Measures that estimate the degree of synchrony between spike trains are important tools for many applications. Among others, they can be used to quantify the reliability of neuronal responses upon repeated presentations of a stimulus (Mainen and Sejnowski, 1995) or to test the performance of neuronal models (Jolivet et al., 2008).


Time-scale dependent spike train distances

Arguably the most prominent task for spike train analysis is to address questions regarding the nature of the neuronal code (for an overview see Victor, 2005). This task is typically addressed by spike train distances which consider spike trains to be points in an abstract metric space and quantify their dissimilarity by non-negative values. Most of these spike train distances depend on a parameter which determines the temporal scale in the spike trains to which the distances are sensitive. While in one limit of the parameter range these distances are sensitive to the difference in spike number, they detect spike coincidences in the other limit. These limits reflect the characteristics of a rate code and a coincidence code, respectively.

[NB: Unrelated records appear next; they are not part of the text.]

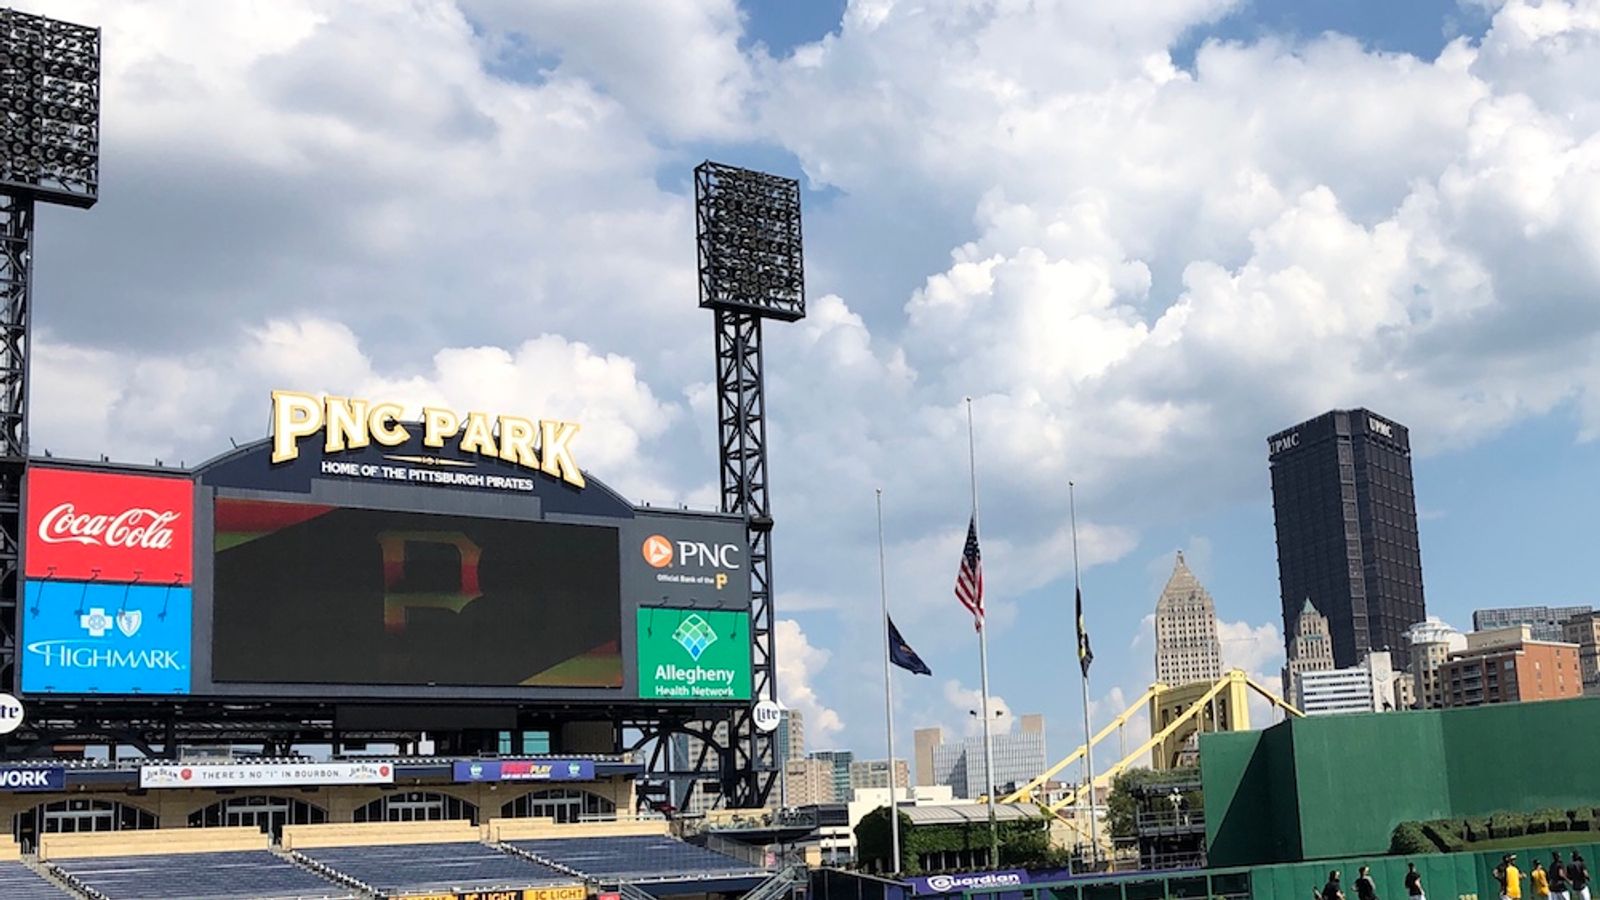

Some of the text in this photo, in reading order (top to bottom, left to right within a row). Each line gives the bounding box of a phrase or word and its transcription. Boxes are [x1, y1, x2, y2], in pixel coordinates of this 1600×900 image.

[1369, 417, 1393, 438] UPMC
[271, 389, 586, 488] PNC PARK
[1269, 433, 1300, 456] UPMC
[321, 461, 534, 491] HOME OF THE PITTSBURGH PIRATES
[38, 502, 181, 550] Coca-Cola
[676, 540, 740, 569] PNC
[657, 573, 680, 583] Official
[680, 574, 696, 583] Bank
[696, 575, 704, 584] of
[704, 575, 715, 584] the
[27, 639, 182, 670] HIGHMARK
[655, 664, 735, 685] Allegheny
[655, 685, 734, 697] Health Network
[0, 705, 19, 719] te
[756, 707, 778, 723] Lite
[202, 771, 245, 780] THERE'S
[249, 771, 262, 779] NO
[281, 770, 292, 778] IN
[927, 873, 1019, 892] Guardian
[551, 889, 583, 900] LIGHT

In a typical experimental setup, single or multi-unit responses are recorded for repeated presentations of a set of stimuli. Neural coding can be assessed by applying a clustering analysis to the pairwise spike train distance matrices obtained for different sensitivities, e.g., different values of the time scale parameter. The time-scale \(\tau_d\) for which the responses to different stimuli are best distinguished (i.e., for which lowest distances are found between responses to the same stimulus and highest distances between responses to any two different stimuli) is assumed to be the discriminative precision of the neural code. The most widely used time-scale dependent measures are the Victor–Purpura distance (Victor and Purpura, 1996, 1997), the van Rossum distance (van Rossum, 2001) and the Schreiber et al. similarity measure (Schreiber et al., 2003). For comparison of these measures on simulated data, refer to Schrauwen and Campenhout, 2007, Paiva et al., 2010, and Chicharro et al., 2011.

Victor–Purpura distance

Figure 1: Victor-Purpura spike train distance. Two spike trains X and Y and a path of basic operations (spike deletion, spike insertion, spike shift) transforming the one spike train into the other. Modified from Victor and Purpura, 1996.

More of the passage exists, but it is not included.